(Saved entries)
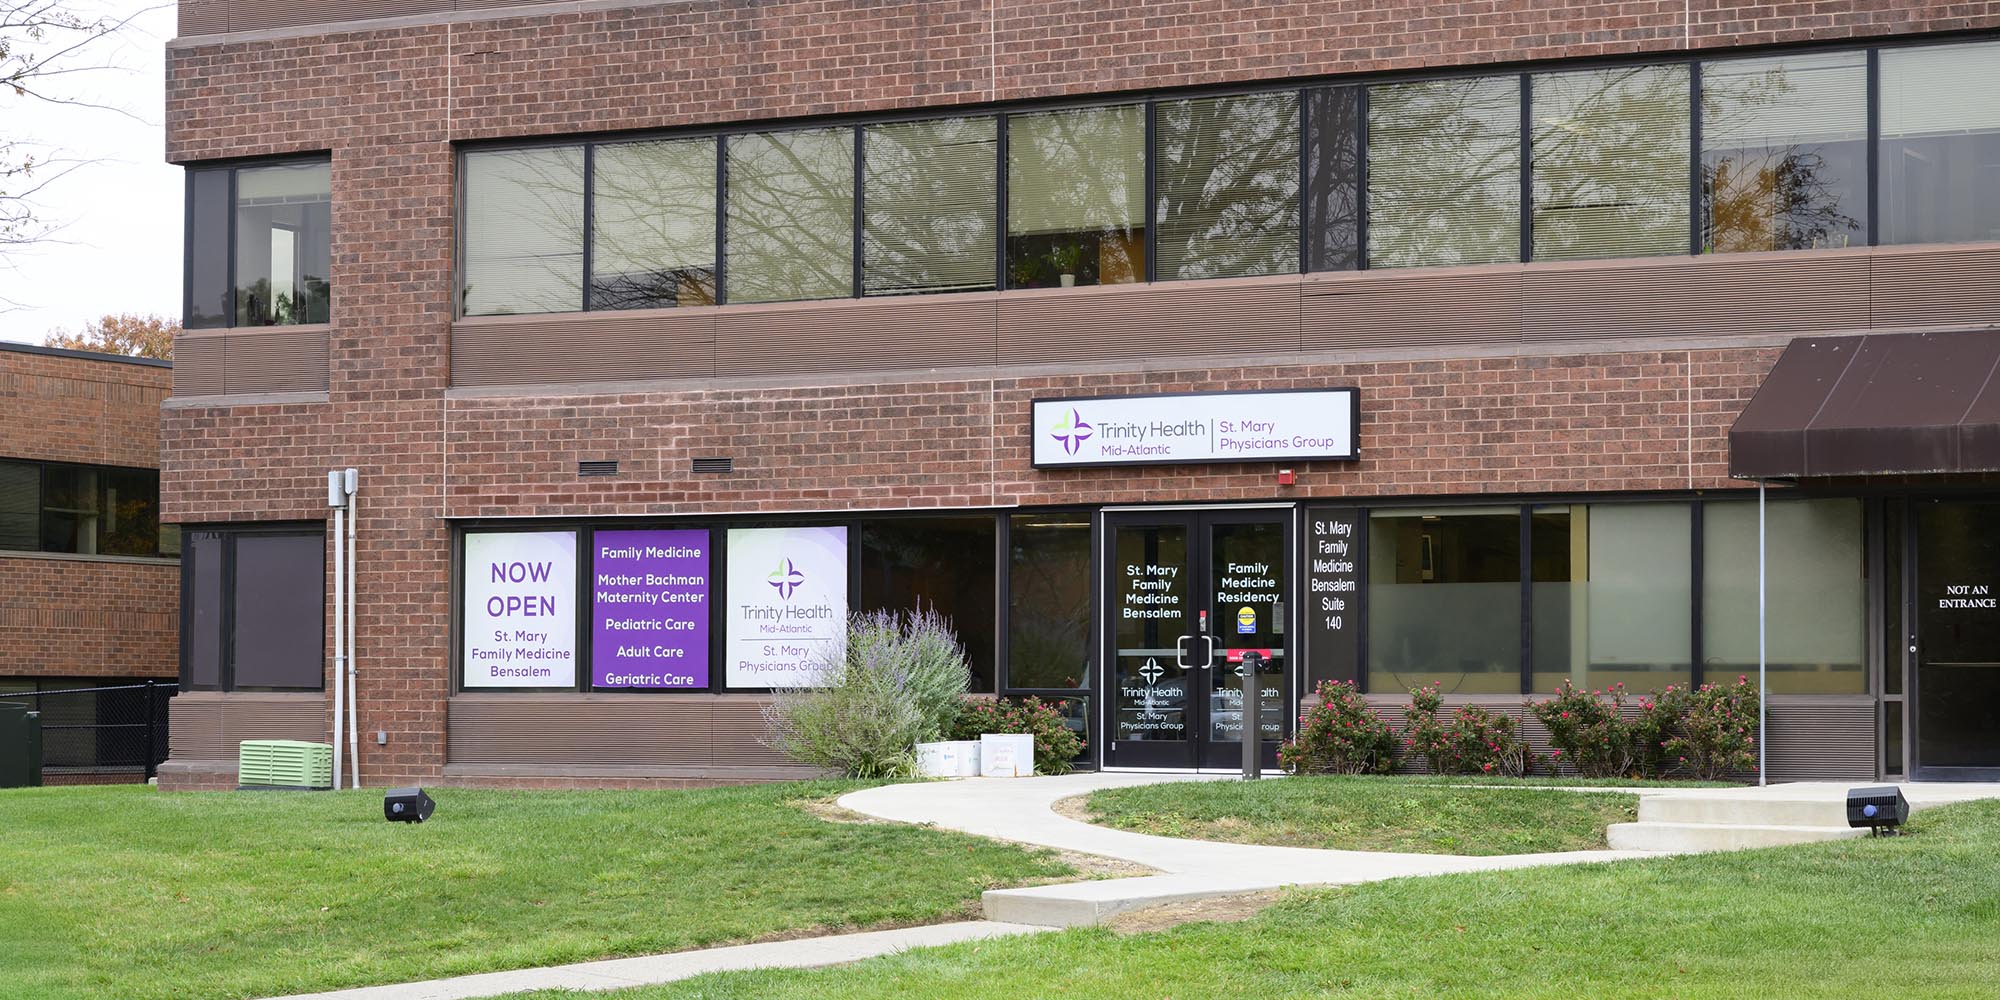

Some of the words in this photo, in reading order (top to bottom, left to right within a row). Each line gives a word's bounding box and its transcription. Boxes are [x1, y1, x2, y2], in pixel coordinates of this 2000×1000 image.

[1098, 422, 1147, 441] Trinity
[1150, 420, 1205, 437] Health
[1220, 421, 1238, 433] St.
[1241, 420, 1275, 434] Mary
[1101, 444, 1171, 456] Mid-Atlantic
[1220, 437, 1289, 452] Physicians
[1294, 436, 1334, 450] Group
[1315, 522, 1327, 534] St.
[1330, 522, 1351, 537] Mary
[601, 547, 642, 560] Family
[646, 547, 701, 559] Medicine
[1319, 540, 1348, 556] Family
[1127, 566, 1144, 576] St.
[1147, 566, 1178, 578] Mary
[1228, 563, 1269, 575] Family
[1314, 560, 1353, 572] Medicine
[491, 562, 552, 583] NOW
[598, 575, 642, 586] Mother
[646, 574, 704, 586] Bachman
[1132, 580, 1171, 592] Family
[1222, 578, 1276, 588] Medicine
[1311, 579, 1355, 591] Bensalem
[1947, 585, 1970, 594] NOT
[1972, 586, 1988, 594] AN
[597, 592, 657, 605] Maternity
[661, 592, 704, 604] Center
[1126, 594, 1179, 604] Medicine
[1217, 592, 1279, 605] Residency
[1322, 598, 1344, 611] Suite
[1939, 599, 1996, 608] ENTRANCE
[487, 596, 555, 617] OPEN
[741, 606, 783, 623] Trinity
[786, 605, 832, 619] Health
[1124, 608, 1181, 618] Bensalem
[606, 619, 662, 631] Pediatric
[665, 619, 695, 630] Care
[760, 625, 812, 633] Mid-Atlantic
[1326, 617, 1341, 629] 140
[494, 630, 513, 643] St.
[516, 631, 547, 644] Mary
[471, 648, 513, 661] Family
[516, 648, 570, 660] Medicine
[617, 646, 651, 658] Adult
[654, 646, 683, 658] Care
[764, 646, 778, 656] St.
[781, 646, 809, 658] Mary
[490, 665, 551, 677] Bensalem
[740, 661, 796, 673] Physicians
[605, 673, 660, 686] Geriatric
[663, 674, 694, 685] Care
[1122, 688, 1149, 698] Trinity
[1152, 687, 1182, 697] Health
[1217, 688, 1243, 699] Trinity
[1261, 688, 1279, 697] alth
[1149, 713, 1167, 721] Mary
[1121, 723, 1158, 731] Physicians
[1161, 723, 1184, 731] Group
[1262, 724, 1279, 732] roup

▶ _Your assignment_
Drop every image, please, and write out the data above exactly as shown.

▶ _Answer space_
Some of the words in this photo, in reading order (top to bottom, left to right within a row). Each line gives a word's bounding box and its transcription. Boxes are [x1, y1, x2, y2], in pixel coordinates of this 2000×1000 image.

[1098, 422, 1147, 441] Trinity
[1150, 420, 1205, 437] Health
[1220, 421, 1238, 433] St.
[1241, 420, 1275, 434] Mary
[1101, 444, 1171, 456] Mid-Atlantic
[1220, 437, 1289, 452] Physicians
[1294, 436, 1334, 450] Group
[1315, 522, 1327, 534] St.
[1330, 522, 1351, 537] Mary
[601, 547, 642, 560] Family
[646, 547, 701, 559] Medicine
[1319, 540, 1348, 556] Family
[1127, 566, 1144, 576] St.
[1147, 566, 1178, 578] Mary
[1228, 563, 1269, 575] Family
[1314, 560, 1353, 572] Medicine
[491, 562, 552, 583] NOW
[598, 575, 642, 586] Mother
[646, 574, 704, 586] Bachman
[1132, 580, 1171, 592] Family
[1222, 578, 1276, 588] Medicine
[1311, 579, 1355, 591] Bensalem
[1947, 585, 1970, 594] NOT
[1972, 586, 1988, 594] AN
[597, 592, 657, 605] Maternity
[661, 592, 704, 604] Center
[1126, 594, 1179, 604] Medicine
[1217, 592, 1279, 605] Residency
[1322, 598, 1344, 611] Suite
[1939, 599, 1996, 608] ENTRANCE
[487, 596, 555, 617] OPEN
[741, 606, 783, 623] Trinity
[786, 605, 832, 619] Health
[1124, 608, 1181, 618] Bensalem
[606, 619, 662, 631] Pediatric
[665, 619, 695, 630] Care
[760, 625, 812, 633] Mid-Atlantic
[1326, 617, 1341, 629] 140
[494, 630, 513, 643] St.
[516, 631, 547, 644] Mary
[471, 648, 513, 661] Family
[516, 648, 570, 660] Medicine
[617, 646, 651, 658] Adult
[654, 646, 683, 658] Care
[764, 646, 778, 656] St.
[781, 646, 809, 658] Mary
[490, 665, 551, 677] Bensalem
[740, 661, 796, 673] Physicians
[605, 673, 660, 686] Geriatric
[663, 674, 694, 685] Care
[1122, 688, 1149, 698] Trinity
[1152, 687, 1182, 697] Health
[1217, 688, 1243, 699] Trinity
[1261, 688, 1279, 697] alth
[1149, 713, 1167, 721] Mary
[1121, 723, 1158, 731] Physicians
[1161, 723, 1184, 731] Group
[1262, 724, 1279, 732] roup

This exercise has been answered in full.